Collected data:
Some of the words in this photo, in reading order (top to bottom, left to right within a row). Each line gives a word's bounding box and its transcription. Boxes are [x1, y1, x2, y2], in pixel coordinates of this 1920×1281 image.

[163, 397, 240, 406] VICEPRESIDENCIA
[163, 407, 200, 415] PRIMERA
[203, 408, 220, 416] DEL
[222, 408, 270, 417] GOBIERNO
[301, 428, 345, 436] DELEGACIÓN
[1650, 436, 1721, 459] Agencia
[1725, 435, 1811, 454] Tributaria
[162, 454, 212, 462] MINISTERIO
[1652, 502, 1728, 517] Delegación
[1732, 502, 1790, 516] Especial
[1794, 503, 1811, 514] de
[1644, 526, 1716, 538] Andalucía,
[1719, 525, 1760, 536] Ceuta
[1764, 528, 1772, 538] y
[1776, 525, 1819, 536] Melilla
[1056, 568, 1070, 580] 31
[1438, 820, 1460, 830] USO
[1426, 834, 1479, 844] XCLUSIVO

Your objective → Copy each entry exactly, leaving every line as it is.

Response →
Some of the words in this photo, in reading order (top to bottom, left to right within a row). Each line gives a word's bounding box and its transcription. Boxes are [x1, y1, x2, y2], in pixel coordinates of this 1920×1281 image.

[163, 397, 240, 406] VICEPRESIDENCIA
[163, 407, 200, 415] PRIMERA
[203, 408, 220, 416] DEL
[222, 408, 270, 417] GOBIERNO
[301, 428, 345, 436] DELEGACIÓN
[1650, 436, 1721, 459] Agencia
[1725, 435, 1811, 454] Tributaria
[162, 454, 212, 462] MINISTERIO
[1652, 502, 1728, 517] Delegación
[1732, 502, 1790, 516] Especial
[1794, 503, 1811, 514] de
[1644, 526, 1716, 538] Andalucía,
[1719, 525, 1760, 536] Ceuta
[1764, 528, 1772, 538] y
[1776, 525, 1819, 536] Melilla
[1056, 568, 1070, 580] 31
[1438, 820, 1460, 830] USO
[1426, 834, 1479, 844] XCLUSIVO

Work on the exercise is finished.